Referring expression grounding data:
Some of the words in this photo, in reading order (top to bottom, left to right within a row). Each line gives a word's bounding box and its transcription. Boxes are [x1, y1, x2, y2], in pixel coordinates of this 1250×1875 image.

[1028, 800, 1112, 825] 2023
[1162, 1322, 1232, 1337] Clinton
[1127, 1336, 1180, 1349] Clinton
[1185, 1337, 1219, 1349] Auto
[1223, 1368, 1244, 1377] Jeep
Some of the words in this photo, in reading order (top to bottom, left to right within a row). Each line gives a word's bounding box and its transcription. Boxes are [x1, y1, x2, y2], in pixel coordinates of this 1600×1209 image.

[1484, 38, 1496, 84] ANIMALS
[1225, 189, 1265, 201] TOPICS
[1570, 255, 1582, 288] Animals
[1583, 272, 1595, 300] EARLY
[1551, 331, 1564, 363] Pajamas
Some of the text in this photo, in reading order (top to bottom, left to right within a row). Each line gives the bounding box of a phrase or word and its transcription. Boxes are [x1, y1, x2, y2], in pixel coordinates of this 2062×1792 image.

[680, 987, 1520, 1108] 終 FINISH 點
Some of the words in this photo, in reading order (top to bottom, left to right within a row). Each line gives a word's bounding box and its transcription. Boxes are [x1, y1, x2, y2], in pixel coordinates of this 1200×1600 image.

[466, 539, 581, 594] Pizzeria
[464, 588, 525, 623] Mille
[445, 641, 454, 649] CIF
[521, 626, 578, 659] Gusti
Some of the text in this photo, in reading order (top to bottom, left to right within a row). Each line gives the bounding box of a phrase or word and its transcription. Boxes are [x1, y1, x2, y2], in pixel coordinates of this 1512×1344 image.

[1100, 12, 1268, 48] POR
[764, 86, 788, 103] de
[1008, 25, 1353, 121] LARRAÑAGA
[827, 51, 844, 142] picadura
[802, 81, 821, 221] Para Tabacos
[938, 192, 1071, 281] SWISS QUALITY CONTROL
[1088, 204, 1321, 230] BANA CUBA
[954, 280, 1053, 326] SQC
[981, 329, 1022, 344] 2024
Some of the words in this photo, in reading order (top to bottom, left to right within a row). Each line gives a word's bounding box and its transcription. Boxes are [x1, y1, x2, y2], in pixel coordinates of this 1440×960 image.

WHAT TO DO:
So that nothing is lost, transcribe each entry exactly as written.

SOLUTION TO THE PROBLEM:
Some of the words in this photo, in reading order (top to bottom, left to right within a row). Each line gives a word's bounding box and its transcription. Boxes are [x1, y1, x2, y2], in pixel coordinates of this 1250×1875 image.

[1028, 800, 1112, 825] 2023
[1162, 1322, 1232, 1337] Clinton
[1127, 1336, 1180, 1349] Clinton
[1185, 1337, 1219, 1349] Auto
[1223, 1368, 1244, 1377] Jeep
Some of the words in this photo, in reading order (top to bottom, left to right within a row). Each line gives a word's bounding box and its transcription. Boxes are [x1, y1, x2, y2], in pixel coordinates of this 1600×1209 image.

[1484, 38, 1496, 84] ANIMALS
[1225, 189, 1265, 201] TOPICS
[1570, 255, 1582, 288] Animals
[1583, 272, 1595, 300] EARLY
[1551, 331, 1564, 363] Pajamas
Some of the text in this photo, in reading order (top to bottom, left to right within a row). Each line gives the bounding box of a phrase or word and its transcription. Boxes are [x1, y1, x2, y2], in pixel coordinates of this 2062×1792 image.

[680, 987, 1520, 1108] 終 FINISH 點
Some of the words in this photo, in reading order (top to bottom, left to right within a row). Each line gives a word's bounding box and its transcription. Boxes are [x1, y1, x2, y2], in pixel coordinates of this 1200×1600 image.

[466, 539, 581, 594] Pizzeria
[464, 588, 525, 623] Mille
[445, 641, 454, 649] CIF
[521, 626, 578, 659] Gusti
Some of the text in this photo, in reading order (top to bottom, left to right within a row). Each line gives the bounding box of a phrase or word and its transcription. Boxes are [x1, y1, x2, y2], in pixel coordinates of this 1512×1344 image.

[1100, 12, 1268, 48] POR
[764, 86, 788, 103] de
[1008, 25, 1353, 121] LARRAÑAGA
[827, 51, 844, 142] picadura
[802, 81, 821, 221] Para Tabacos
[938, 192, 1071, 281] SWISS QUALITY CONTROL
[1088, 204, 1321, 230] BANA CUBA
[954, 280, 1053, 326] SQC
[981, 329, 1022, 344] 2024
Some of the words in this photo, in reading order (top to bottom, left to right within a row). Each line gives a word's bounding box and its transcription. Boxes are [x1, y1, x2, y2], in pixel coordinates of this 1440×960 image.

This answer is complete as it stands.